Google considers these Core Web Vitals essential signals for all web experiences and includes them in its web performance monitoring tools.

Here are the tools that support them, whether they are Real User Monitoring (Field) tools or Synthetic Monitoring (Lab) tools.

Rum tools for measuring core web vitals

Chrome User Experience Report (CrUX) collects real, anonymized browsing data. It allows you to quickly evaluate a site’s speed without having to implement measurements yourself in JavaScript, and feeds tools such as PageSpeed Insights and the Speed Report in the Search Console.

Chrome User Experience Report data offers a quick way to assess loading speed, but it does not provide page-by-page details – which is often necessary to accurately diagnose, monitor, and respond quickly in case of performance regressions on a URL.

Therefore, Google strongly recommends implementing your own RUM solution.

Measuring Core Web Vitals in JavaScript

Each of the Core Web Vitals can be measured in JavaScript using standard Web APIs.

The simplest way to measure all Core Web Vitals is to use the web-vitals JavaScript library, a ready-to-use library that provides easy access to native web APIs and collects each metric exactly the same way as the Google tools mentioned above.

Thus, with the web-vitals library, measuring each metric is as simple as a function call (see the documentation for full usage and API details):

import {getCLS, getINP, getLCP} from 'web-vitals';
function sendToAnalytics(metric) {
  const body = JSON.stringify(metric);
  // Use `navigator.sendBeacon()` if available, falling back to `fetch()`.
  (navigator.sendBeacon && navigator.sendBeacon('/analytics', body)) ||
      fetch('/analytics', {body, method: 'POST', keepalive: true});
}
getCLS(sendToAnalytics);
getINP(sendToAnalytics);
getLCP(sendToAnalytics);
 

You can also create reports on each Core Web Vitals without writing code using the Web Vitals Chrome extension.

This extension uses the web-vitals library to collect each of these metrics and display them during navigation. You can then monitor the performance of your own sites, your competitors’ sites, and web pages in general.

Synthetic Tools for Measuring Core Web Vitals

Although all Core Web Vitals are primarily RUM measurements, many of them are also measurable via synthetic tools, including Google’s tools. This is even the best way to test the performance of new features during development before deploying them live. It is also the best way to anticipate performance regressions.

However, while synthetic (Lab) measurements are essential for evaluating and improving the user experience, they do not replace Real User Monitoring (Field). A site’s performance can vary significantly depending on device capabilities, network conditions, and other processes that may be running on the device and impact page loading.

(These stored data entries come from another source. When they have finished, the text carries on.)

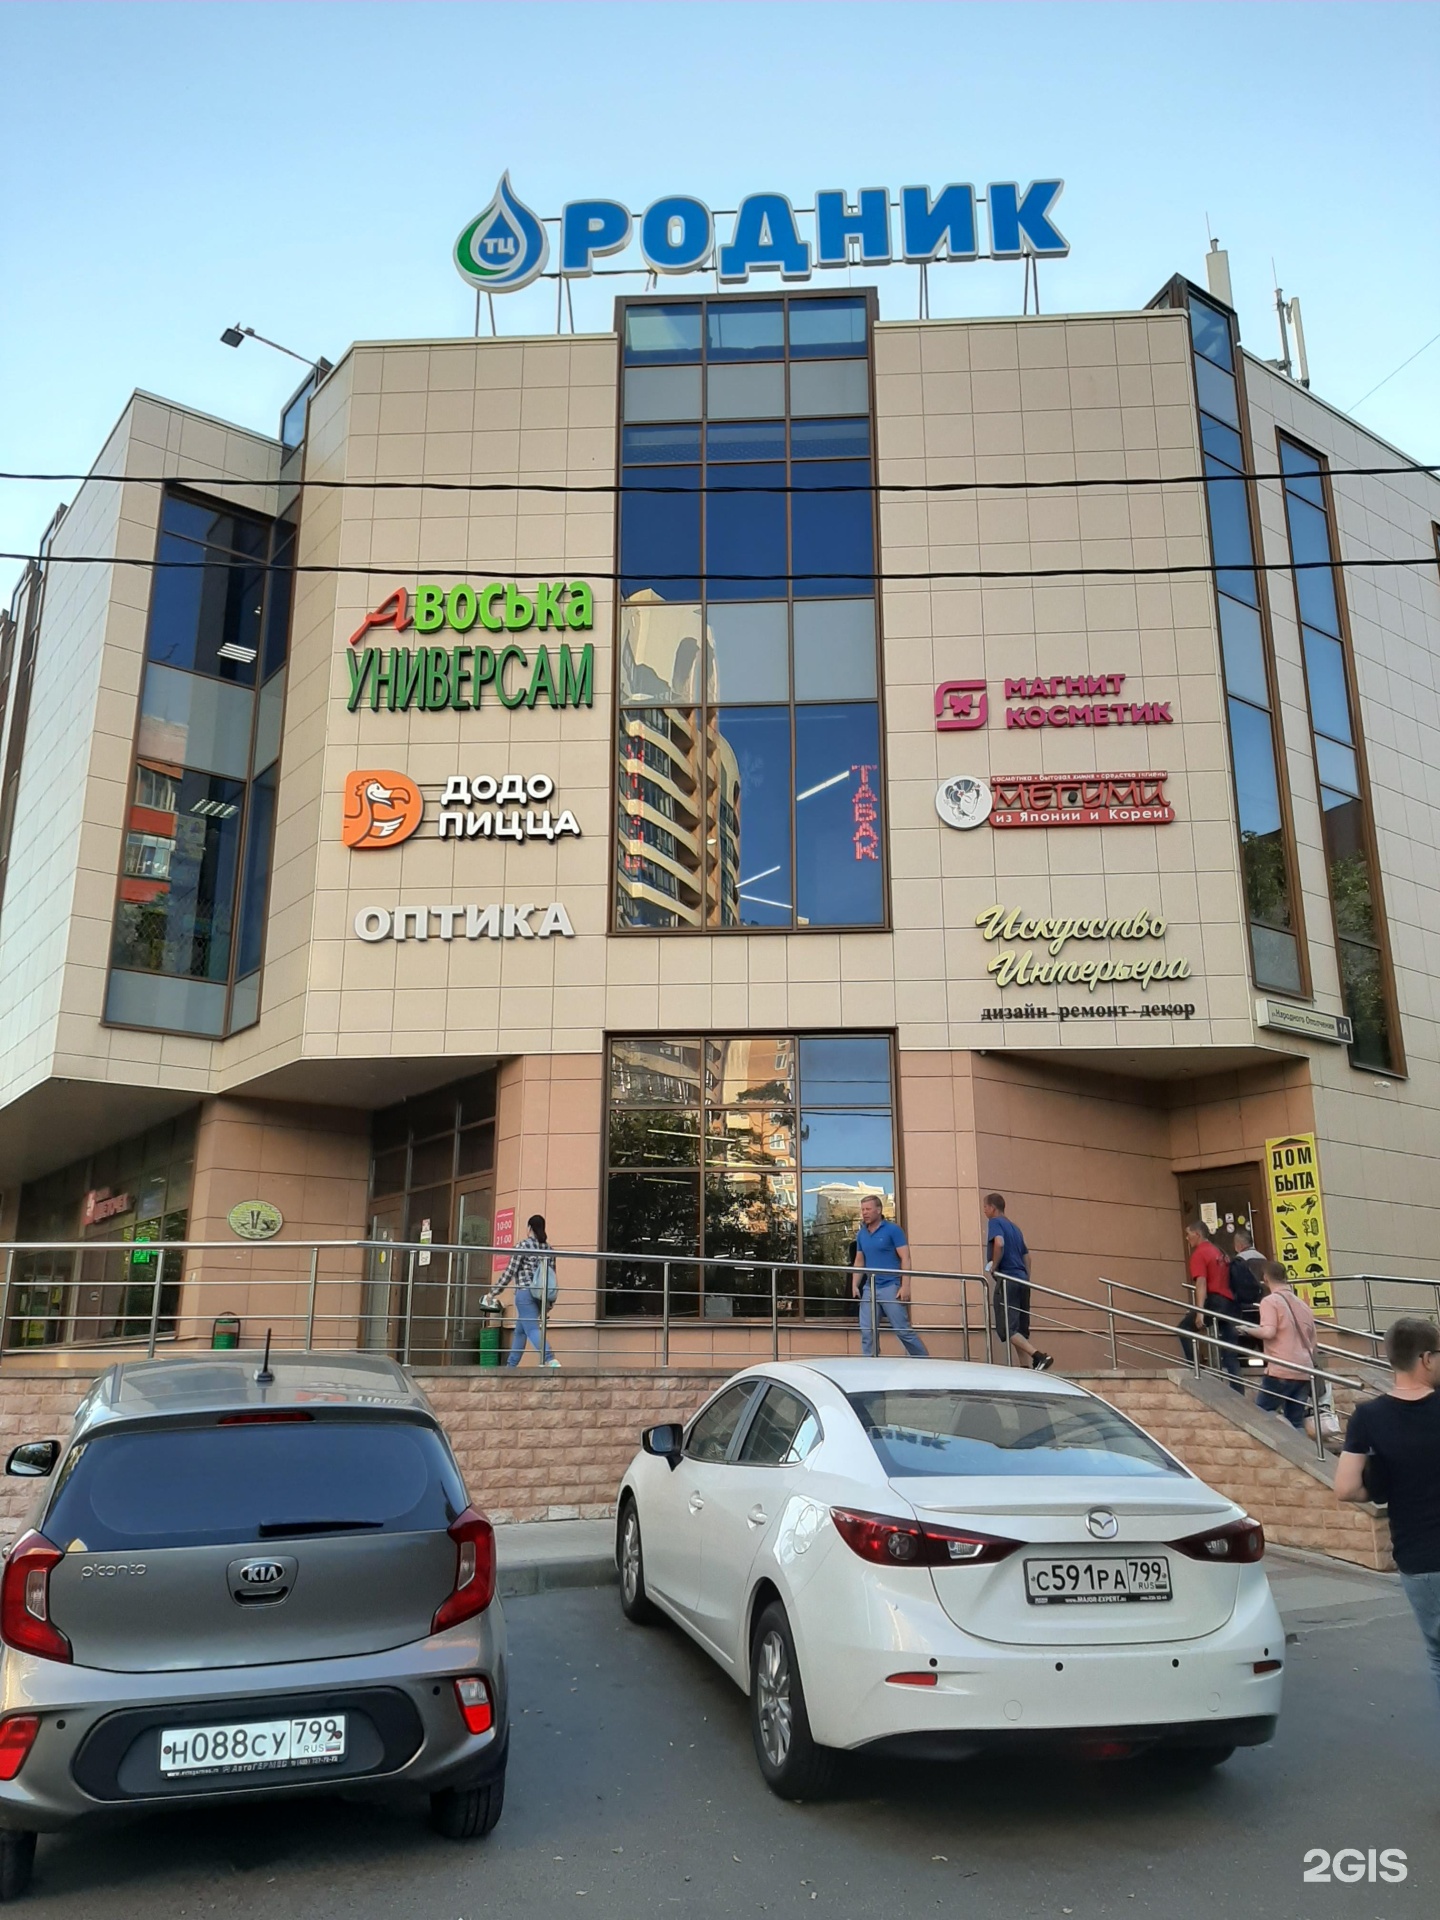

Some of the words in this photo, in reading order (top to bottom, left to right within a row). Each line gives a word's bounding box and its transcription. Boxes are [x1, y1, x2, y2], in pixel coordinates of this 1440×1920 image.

[561, 179, 1070, 283] РОДНИК
[483, 237, 515, 255] ТЦ
[346, 643, 594, 712] УНИВЕРСАМ
[1004, 673, 1126, 700] МАГНИТ
[1006, 701, 1173, 729] КОСМЕТИК
[440, 774, 554, 808] ДОДО
[992, 780, 1171, 810] МЕГУМИ
[438, 809, 581, 841] ПИЦЦА
[851, 764, 879, 860] ТАБАК
[995, 815, 1012, 823] из
[1020, 811, 1081, 823] Японии
[1090, 811, 1099, 820] и
[1109, 808, 1169, 821] Кореи!
[354, 902, 576, 942] ОПТИКА
[975, 903, 1168, 955] Искусство
[987, 949, 1191, 991] Интерьера
[981, 1003, 1048, 1020] дизайн
[1058, 1005, 1129, 1022] ремонт
[1140, 1003, 1195, 1020] декор
[1272, 1146, 1312, 1170] ДОМ
[1274, 1171, 1315, 1193] БЫТА
[247, 1566, 278, 1582] KIA
[1129, 1561, 1161, 1582] 799
[1138, 1581, 1155, 1590] RUS
[294, 1719, 338, 1745] 799
[303, 1743, 324, 1754] RUS

In reality, each Core Web Vitals metric can see its score modified based on user interactions. Only real data measurement can accurately reflect the reality of the user experience.

Other Core Web Vitals

Core Web Vitals are essential metrics for understanding and delivering an optimal user experience, but they are not the only ones.

Other metrics can complement or approach them, especially to address other aspects of the user experience or diagnose a specific issue.

For example, Time to First Byte (TTFB) and First Contentful Paint (FCP) are two essential metrics to reflect the loading experience and are both useful for diagnosing potential performance issues alongside LCP.